Jeremy talked me off the ledge a little and helped me see what the doctor was actually asking me to do. She wanted me on my back, yes, but with the bed tilted up so it was more of a modified squat. That was fine enough with me so I moved.

This is also not one of those birth stories where I say “two pushes and he was out!” I pushed for quite a while – except I just checked Jeremy’s notes and it was only about 20 minutes. It felt like a lot longer. You know, I have always wanted to be one of those women who just breathes her babies out, all serene-like and calm-faced. I am not one of those women. Oh well. Pushing was intense and I distinctly remember listening carefully to the encouragement of the nurses and doctor to detect any note of false “he’s almost here!” comments. I hate those comments. If someone was going to tell me he was almost here, I thought, he had better be dang well almost here. Fortunately, I don’t think anyone lied to me, including Jeremy, bless his heart. At one point, the doctor told me to push through one more contraction and that would probably be it. I think it actually was.

When he was born, they put him right on to me without cleaning him off or anything. I held him for a minute and got vernix all over me. Then they took him over to the corner to check him out. I have no idea when they cut the cord and neither does Jeremy. A male pediatrician magically materialized out of nowhere to check out the baby, but the nurses had pulled the privacy curtain around me so I never saw him and he never saw me. I just heard his voice and saw his signature on some documents later.

This could be the end of this birth story, except: stitches. Without adequate anesthetic. Yeah. I held my stuff together way better during labor than I did while getting stitched up.

At last at last, we were all tidied up, baby and me.
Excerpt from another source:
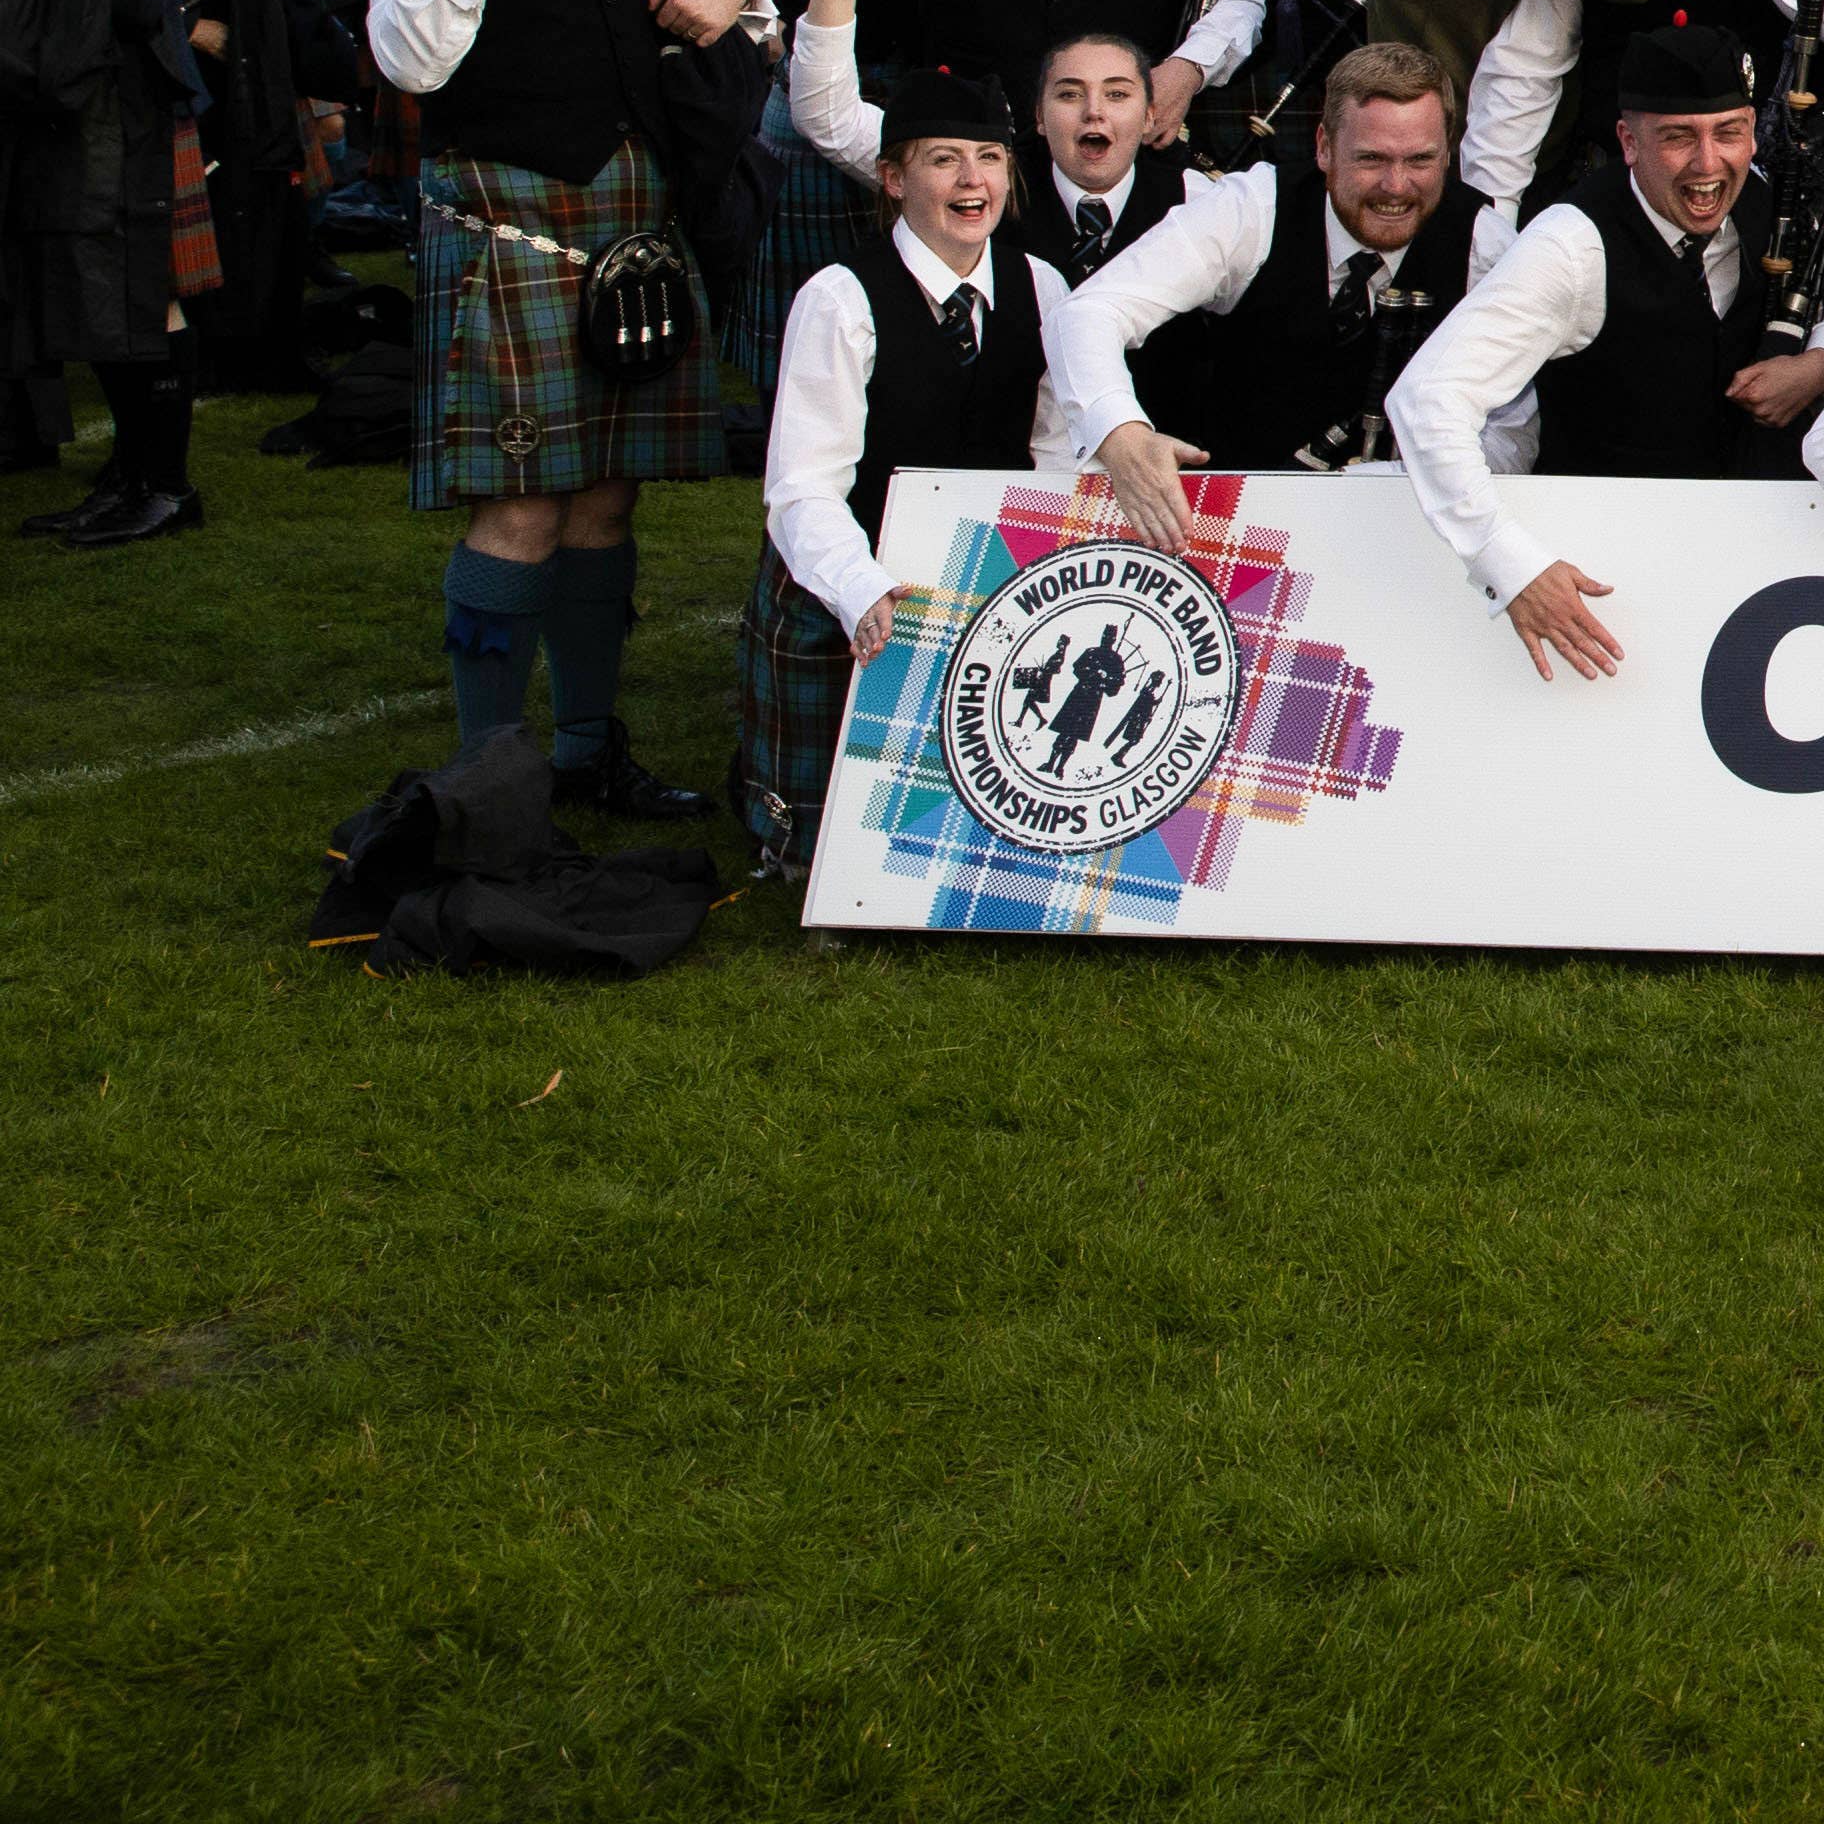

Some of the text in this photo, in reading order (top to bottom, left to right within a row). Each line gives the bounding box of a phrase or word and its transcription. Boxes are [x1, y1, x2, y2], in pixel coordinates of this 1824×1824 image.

[1013, 559, 1222, 676] WORLD PIPE BAND
[957, 662, 1207, 834] CHAMPIONSHIPS GLASGOW
The staff left us alone for about an hour. Jeremy and I took some pictures and talked about what we were going to name the baby now that we had seen him (and now that we couldn’t put it off any longer). In the meantime, since we hadn’t given the staff a name for the baby at birth, he was called “Baby of Bridget” on all the documents, which I think is kind of awesome.
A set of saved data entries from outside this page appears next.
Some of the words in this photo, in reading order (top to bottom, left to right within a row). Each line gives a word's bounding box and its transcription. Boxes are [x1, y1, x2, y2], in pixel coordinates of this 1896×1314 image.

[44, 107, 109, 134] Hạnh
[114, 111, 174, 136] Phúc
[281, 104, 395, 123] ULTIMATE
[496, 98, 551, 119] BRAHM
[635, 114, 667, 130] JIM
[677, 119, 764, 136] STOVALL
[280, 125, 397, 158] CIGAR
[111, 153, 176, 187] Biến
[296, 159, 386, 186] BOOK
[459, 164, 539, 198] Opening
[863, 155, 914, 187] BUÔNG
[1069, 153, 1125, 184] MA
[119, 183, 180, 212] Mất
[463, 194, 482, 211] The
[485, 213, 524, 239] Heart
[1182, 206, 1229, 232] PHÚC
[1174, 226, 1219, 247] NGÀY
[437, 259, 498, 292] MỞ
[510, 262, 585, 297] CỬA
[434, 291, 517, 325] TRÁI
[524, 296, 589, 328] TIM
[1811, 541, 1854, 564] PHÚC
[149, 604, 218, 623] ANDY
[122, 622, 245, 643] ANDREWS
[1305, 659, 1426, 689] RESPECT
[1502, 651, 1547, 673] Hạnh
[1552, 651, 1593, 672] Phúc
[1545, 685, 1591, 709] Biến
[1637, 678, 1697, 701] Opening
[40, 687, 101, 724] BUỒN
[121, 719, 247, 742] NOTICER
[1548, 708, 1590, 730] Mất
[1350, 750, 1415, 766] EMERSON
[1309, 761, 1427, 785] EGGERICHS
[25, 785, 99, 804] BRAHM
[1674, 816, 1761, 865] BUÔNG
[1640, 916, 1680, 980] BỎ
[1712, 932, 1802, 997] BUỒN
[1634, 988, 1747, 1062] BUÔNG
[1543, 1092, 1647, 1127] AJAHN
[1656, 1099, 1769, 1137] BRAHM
I’ll save UAE vs. USA birth analysis particulars for another post. Location/culture aside, however, on paper this birth appears to be very similar to Magdalena’s. And maybe it was – drug-free, starting with water breaking followed shortly by the onset of contractions, and lasting about 9 hours (Magdalena) and 10 hours (Sterling, unless you count the 7 hours of contractions from the night before, and maybe I do?).

But in emotion and feel, it could hardly have been more different. After Magdalena was born, I remember this transformative feeling of “I did it!” After Sterling was born, all I could think was, “it’s over.” It was a much more visceral experience, rather than beautiful. I felt managed, rather than in charge. And it’s taken some getting over, and will probably take some more.

The Sasha 3.0 soundtrack winner was probably the music from The Virgin Queen, because it has some funky, upbeat tracks that picked me up when I needed it. But the refrain from Titanium got stuck in my head for a lot of the end of labor: “fire away, fire away,” over and over again.

I'm thankful things went as well as they did. I'm thankful Sterling is here and we're both safe and sound. I hope the tone of this birth story doesn't obscure those facts. I've written about it the way I feel about it. It might take on a rosier tone in the future. But if not, that's ok.